[Whonix-devel] How safe are signed git tags? Only as safe as SHA-1 or somehow safer?

Fedor Brunner fedor.brunner at azet.sk
Tue Nov 25 13:59:00 CET 2014

On 22.11.2014 00:01, Patrick Schleizer wrote:
> Dear git developers!
> Jeff King wrote:
>> On Sun, Nov 16, 2014 at 03:31:10PM +0000, Patrick Schleizer wrote:
>>> How safe are signed git tags? Especially because git uses SHA-1. There
>>> is contradictory information around.
>>> So if one verifies a git tag (`git tag -v tagname`), then `checksout`s
>>> the tag, and checks that `git status` reports no untracked/modified
>>> files, without further manually auditing the code, how secure is this
>>> actually? Is it only as safe as SHA-1?

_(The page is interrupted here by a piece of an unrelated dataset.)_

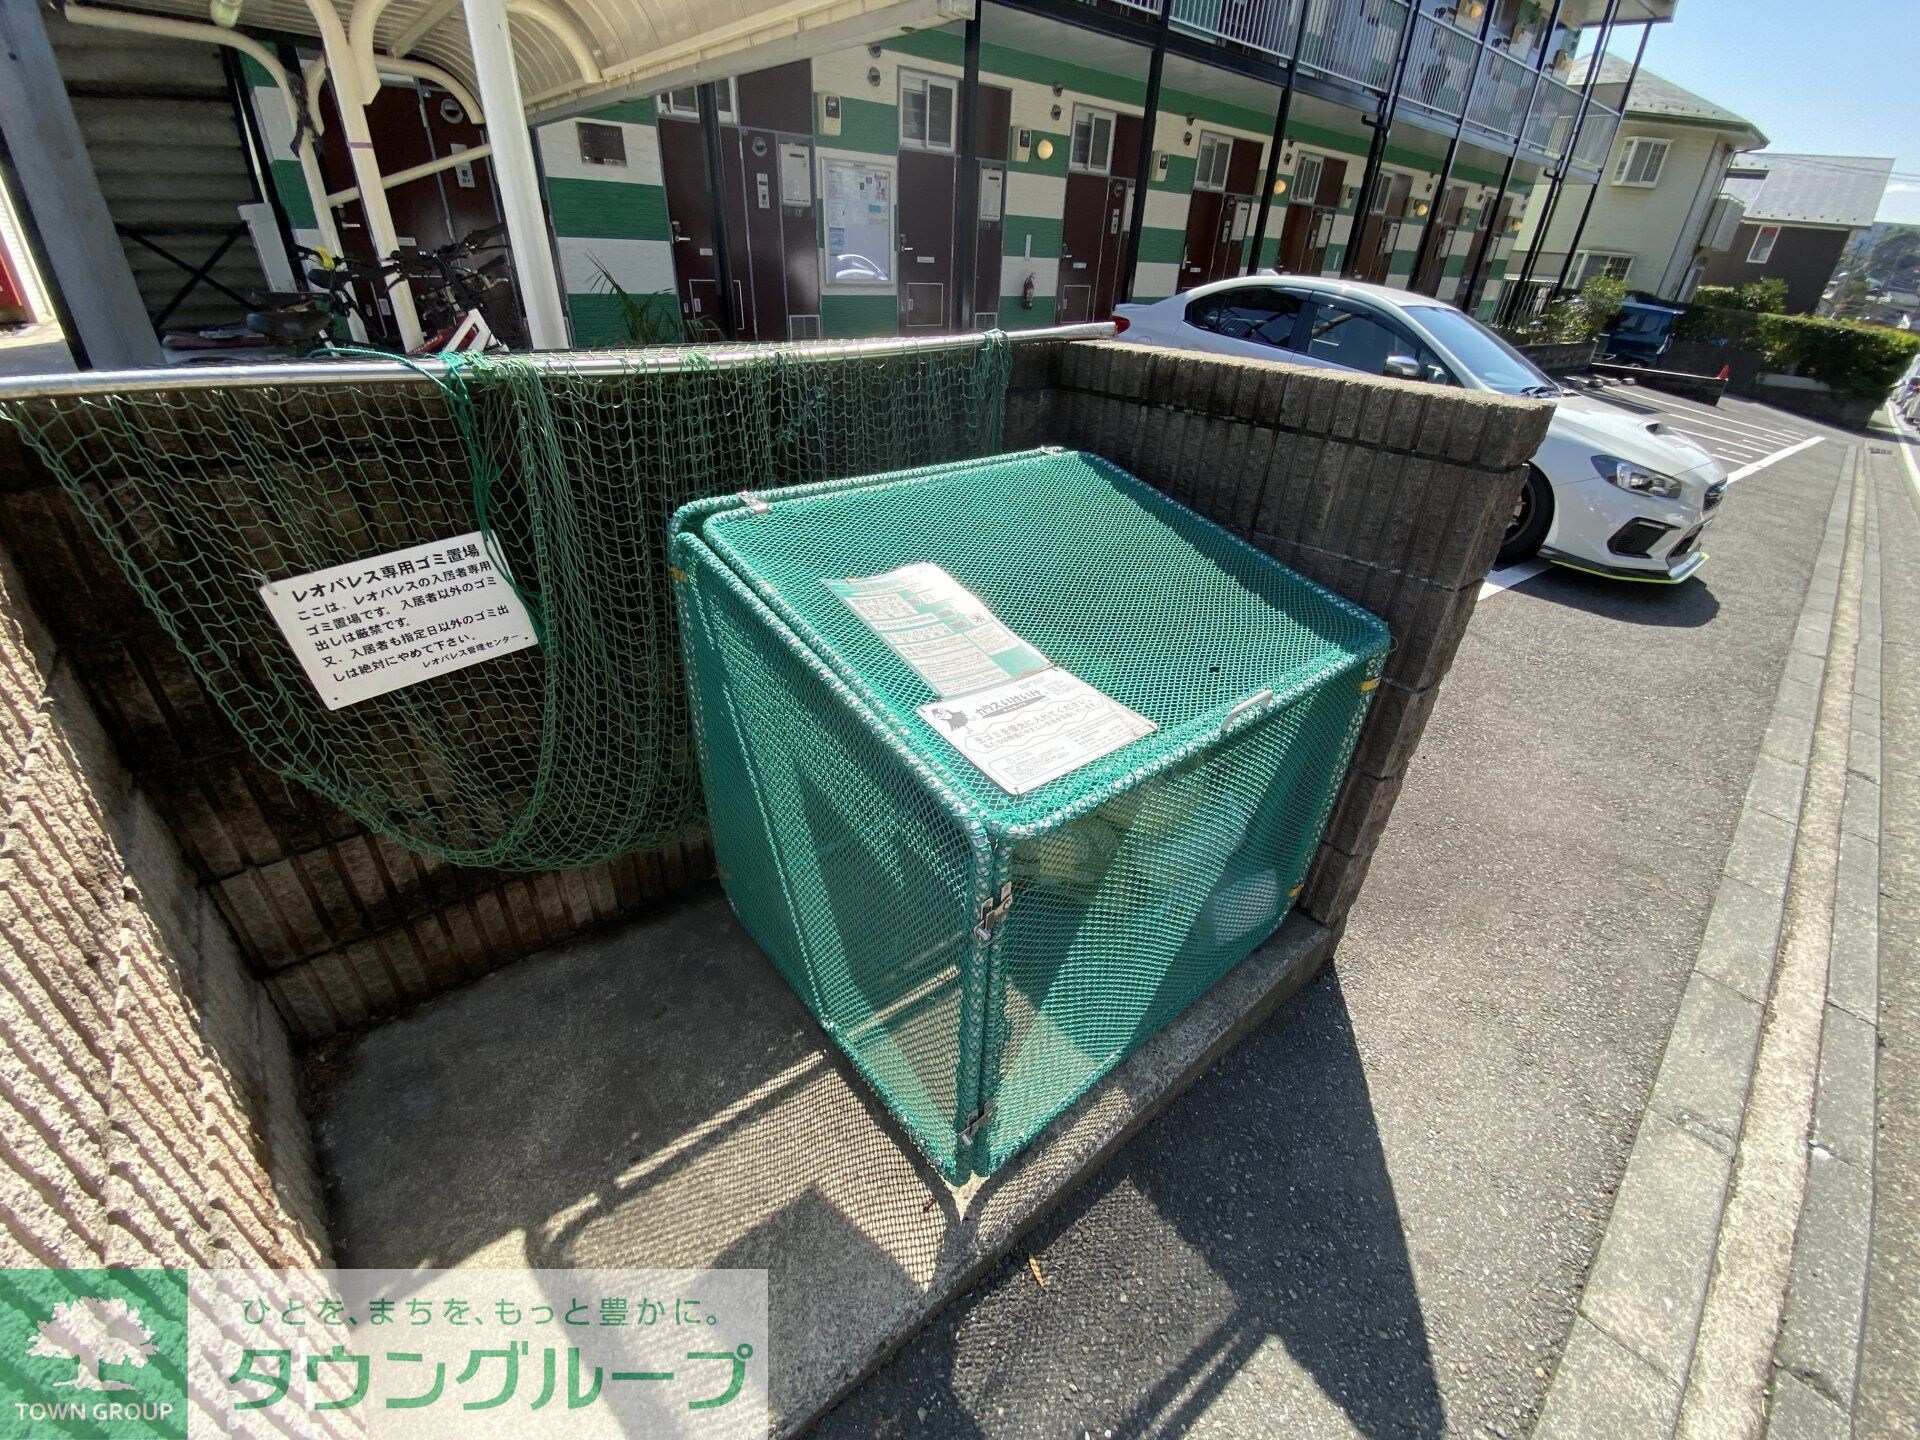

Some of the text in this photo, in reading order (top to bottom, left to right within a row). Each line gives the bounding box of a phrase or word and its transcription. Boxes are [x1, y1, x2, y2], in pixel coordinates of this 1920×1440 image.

>> Yes, it is only as "safe as SHA-1" in the sense that you have GPG-signed
>> only a SHA-1 hash. If somebody can find a collision with a hash you have
>> signed, they can substitute the colliding data for the data you signed.
>> Of course, "safe as SHA-1" and "find a collision" are vague. If
>> pre-image attacks are feasible (i.e., given already-published SHA-1, I
>> can find a different input with the same SHA-1), then attacks are
>> trivial. But when people talk about attacks on SHA-1, they are usually
>> referring to finding a collision between two new pieces of data. You can
>> also use that in an attack, but it's much less straightforward
>> (basically, you need to get somebody to sign one of the colliding pieces
>> of data and then replace it with the other).
> Sounds pretty sad. Isn't this a security issue that should be fixed?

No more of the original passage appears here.